[Chitosan nanoparticles as gene vector: effect of particle size on transfection efficiency].

The aim was to investigate the effect of particle size on transfection efficiency of chitosan (CS)-based nanoparticles. Nanoparticles were synthesized through complex coacervation CS with plasmid DNA (pDNA). Three kinds of pDNA/CS nanoparticles with different sizes (250, 580 and 1300 nm) were prepared by altering the adding rate and the vortexing time. The particle size, zeta potential and the stability in cultural medium were evaluated by zetasizer. The association efficiency was determined by spectrofluorophotometer. The combination of chitosan with pDNA as well as the ability to protect pDNA from nuclease degradation was analyzed by gel electrophoresis. The transfection efficiency of pDNA/CS nanoparticles in HEK293 cells was investigated by flow cytometry. Using CS grafted fluorescein isothiocyanate as a fluorescent marker, the adsorption features of the nanoparticles were visualized by fluorescence microscopy and the cellular uptake percent was quantitated by flow cytometry.
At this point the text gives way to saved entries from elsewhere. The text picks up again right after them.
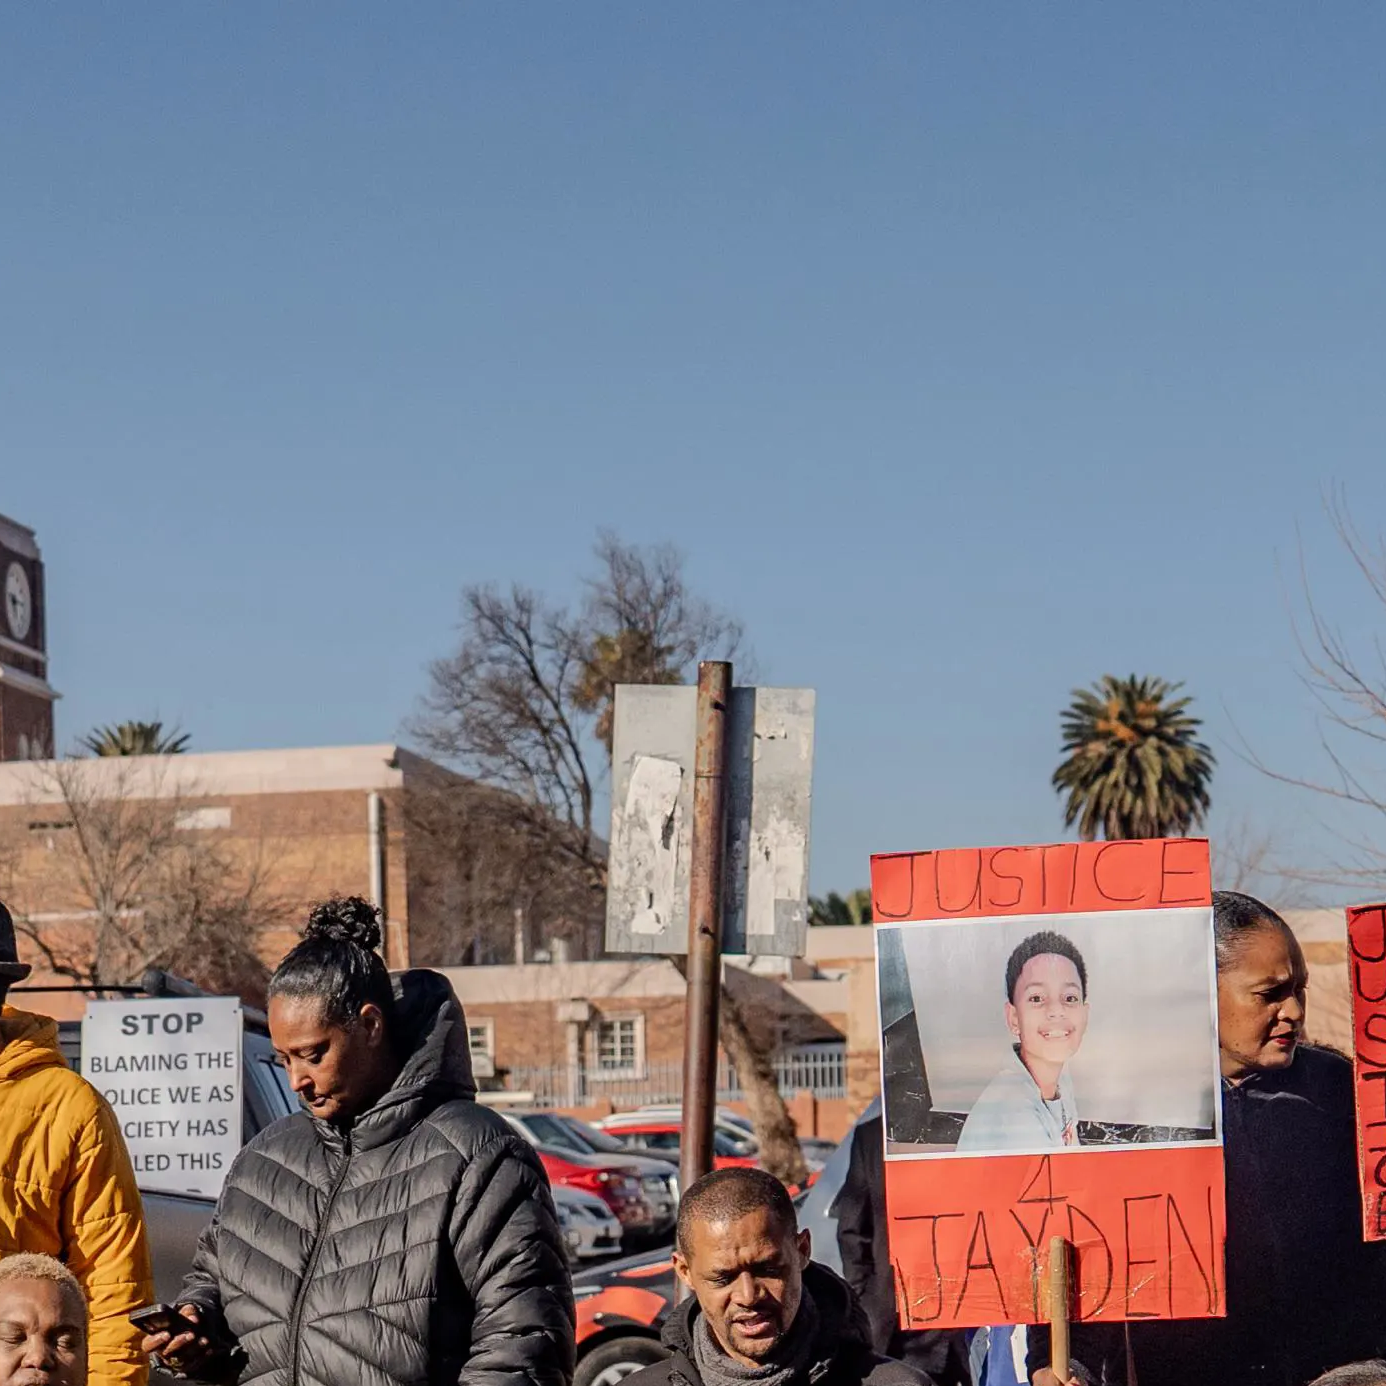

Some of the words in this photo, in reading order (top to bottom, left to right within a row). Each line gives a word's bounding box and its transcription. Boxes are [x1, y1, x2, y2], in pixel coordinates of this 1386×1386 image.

[874, 838, 1206, 918] JUSTICE
[121, 1012, 204, 1036] STOP
[90, 1053, 188, 1073] BLAMING
[195, 1051, 234, 1069] THE
[102, 1088, 161, 1106] OLICE
[168, 1086, 201, 1104] WE
[208, 1085, 234, 1102] AS
[124, 1120, 179, 1139] CIETY
[187, 1119, 228, 1136] HAS
[134, 1154, 170, 1172] LED
[177, 1152, 223, 1171] THIS
[1017, 1154, 1068, 1215] 4
[895, 1187, 1215, 1329] JAYDEN
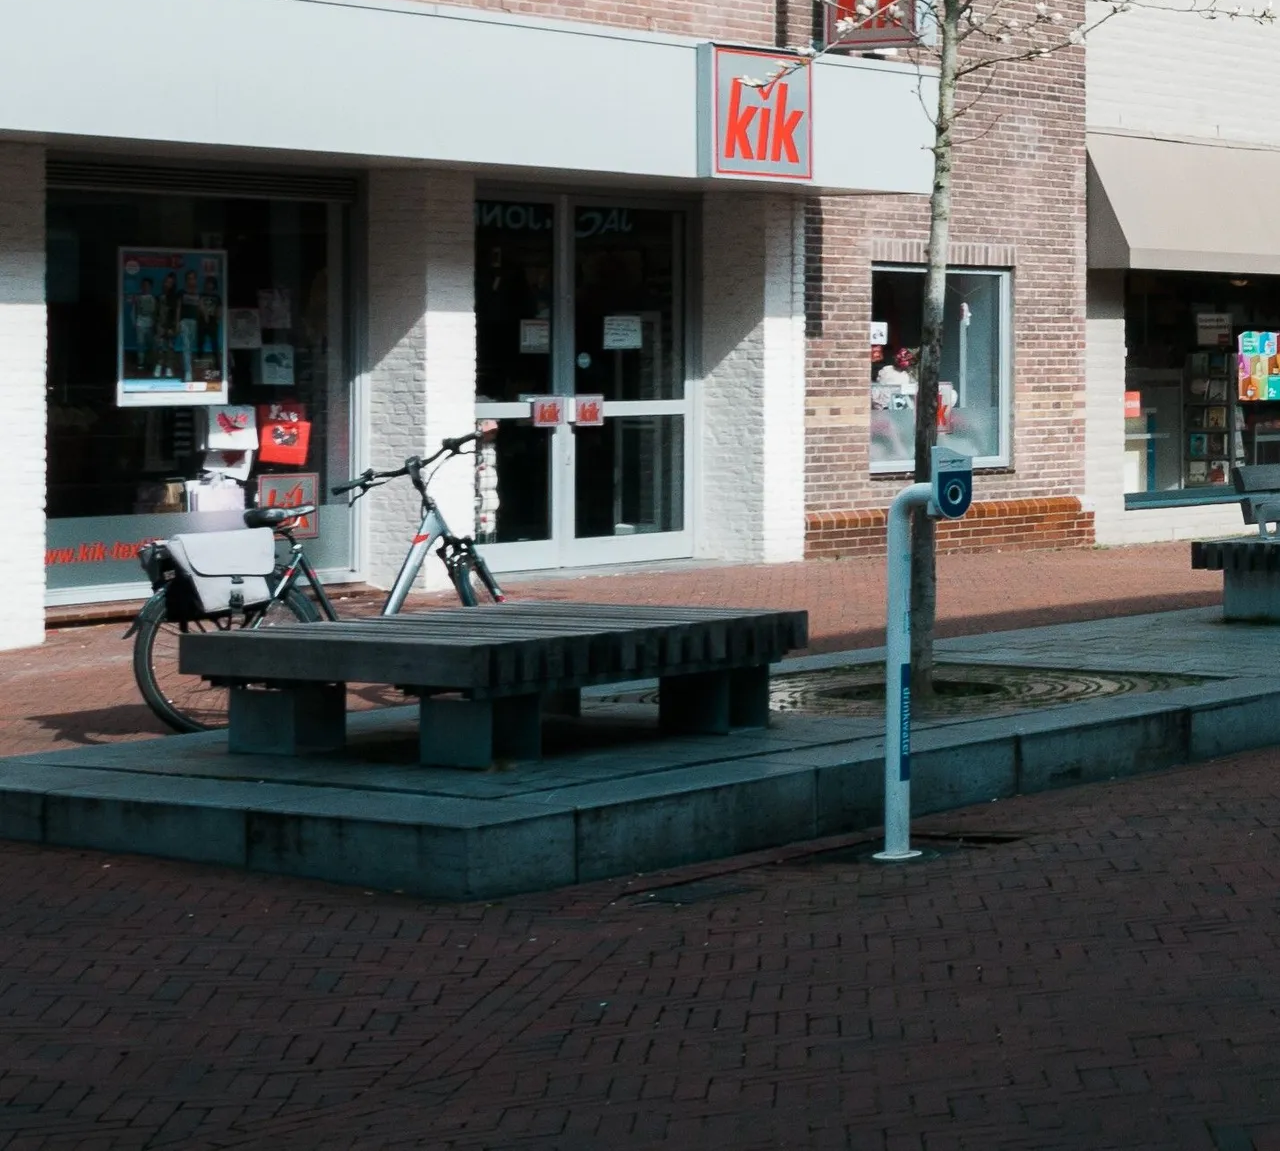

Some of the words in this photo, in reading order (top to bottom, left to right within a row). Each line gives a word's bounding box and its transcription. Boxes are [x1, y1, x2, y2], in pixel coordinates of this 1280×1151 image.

[724, 69, 804, 163] kik
[539, 402, 560, 423] kik
[579, 401, 600, 422] kik
[902, 687, 911, 756] drinkwater
The internalization process of the nanoparticles was visualized by confocal laser scanning microscopy (CLSM) using nanoparticles of the size of 250 nm. Results showed that the three kinds of pDNA/CS nanoparticles had no differences in zeta potential, association efficiency, protection ability, stability and transfection efficiency in HEK293. The nanoparticles were all adsorbed on cell surface in the form of aggregates, and similar cellular uptake percent as well as quantities were observed 4 h post-incubation with HeLa cells. CLSM images showed that the aggregates below 2 microm could be internalized by endocytosis. These results suggest that the transfection efficiency of pDNA/CS nanoparticles does not depend on particle size in the range from 250 nm to 1300 nm.